Second Dead
Chapter 5: Upstairs
We satisfied ourselves there were no moaners in the basement. Dad walked over to a window and moved the curtain. He peeled the plastic back and stood on his toes to peek out.
“Well, I don’t see anything.” He re-taped the plastic into place. “Anna, get Susan. I have a job for her.”
I followed Susan out of the safe room and without waiting for Dad, she said, “I’ll take Anna with me.”
Dad started to protest, but Susan stopped him, “Mom needs her sleep. Anna’s as quiet as I am, and you know it. If ever we need a quiet search, it’s now.” Susan playfully punched me on the arm and quipped, “Yeah, quite graceful now. Like a cat.”
With gentle touch, I pushed Susan. She feigned falling down.
“Stop it,” Dad hissed, “This is serious.” His face, stern and anxious, lacked the smile that I had come to miss so much. “All right, do it.”

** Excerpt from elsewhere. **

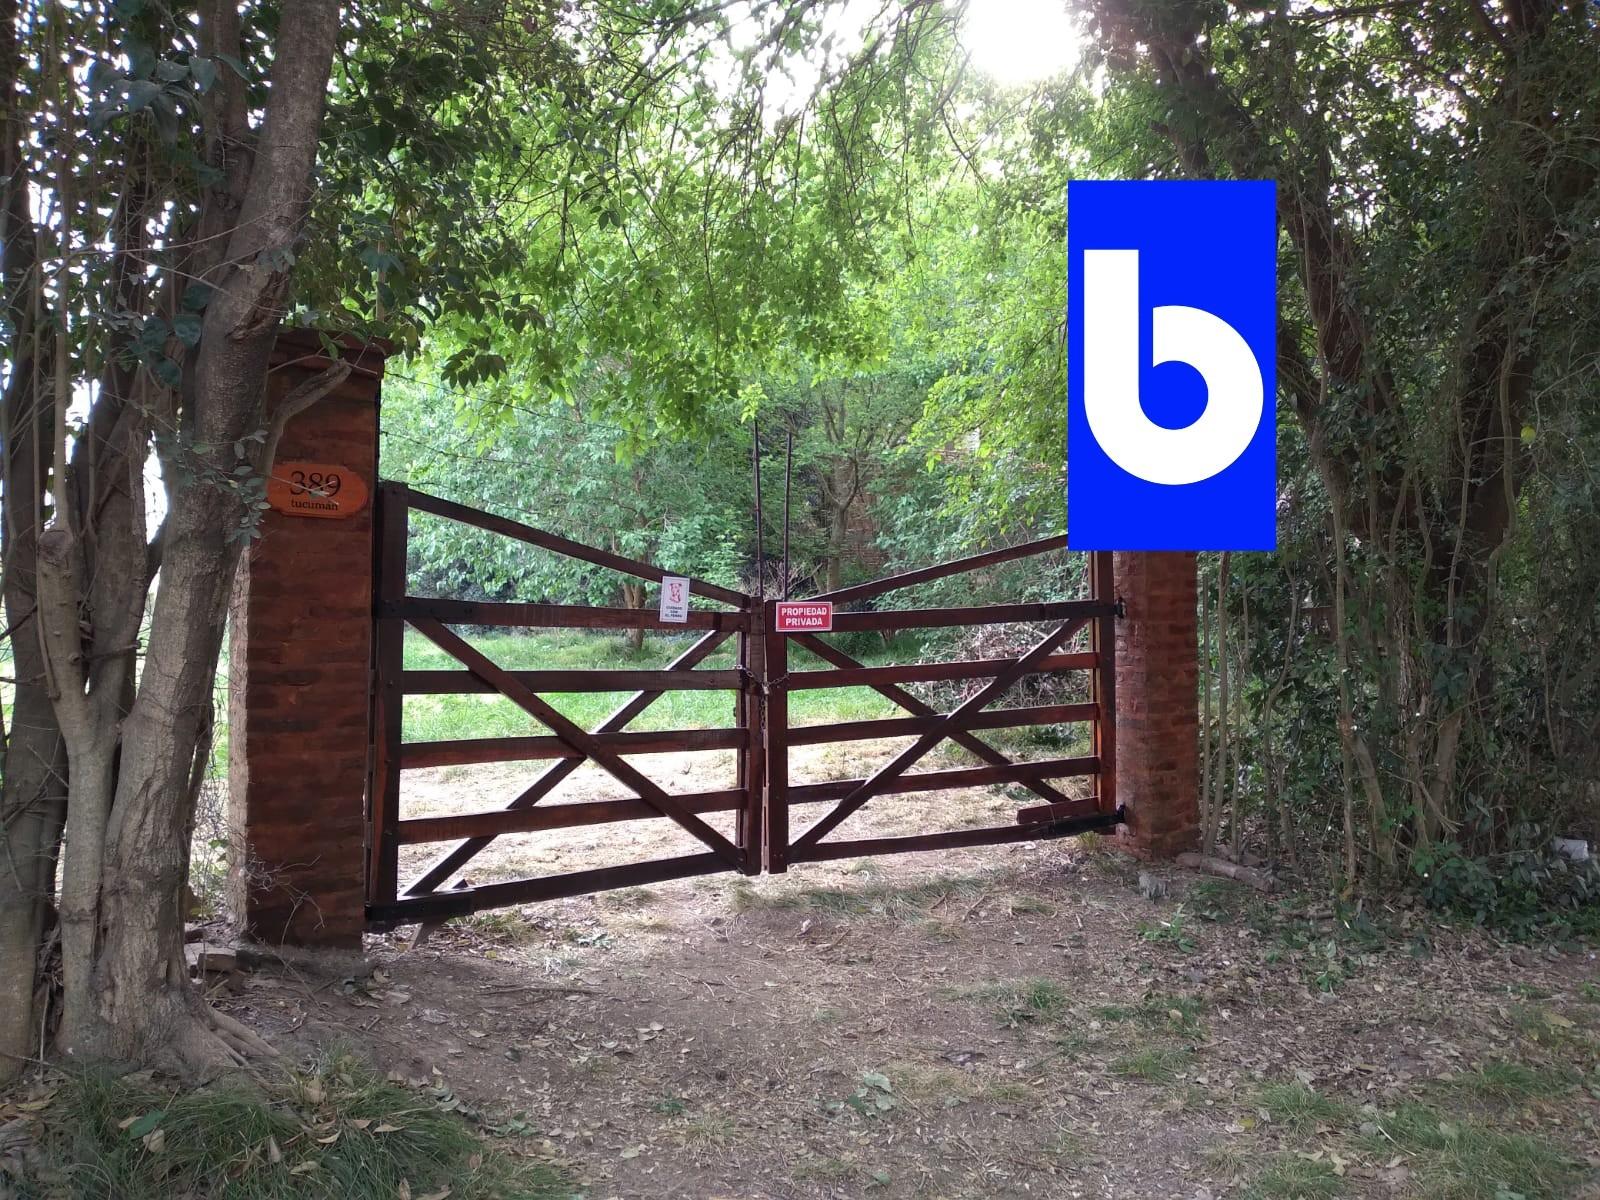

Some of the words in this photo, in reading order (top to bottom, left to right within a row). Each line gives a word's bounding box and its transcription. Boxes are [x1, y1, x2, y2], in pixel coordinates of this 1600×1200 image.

[289, 470, 341, 497] 389
[781, 607, 828, 616] PROPIEDAD
[785, 617, 823, 626] PRIVADA

“After you, sis, “I said, wiping my sweaty hands against my jacket.
“No, no, age before beauty,” she replied, a little too high pitched.
Fine. I headed up the stairs. My head cleared the couch situated against the banister. The room was moaner free. I motioned for Susan to follow.
“Don’t open any doors unless I tell you to,” she whispered before we left the stairs.
After searching the house, we backtracked to the kitchen. “Okay, we have to look through the peepholes. Remember everything you see,” she said.
I peered out each window and made mental notes of what I saw. When finished, we met up at the breakfast bar. Susan pointed to the steps and walked toward them.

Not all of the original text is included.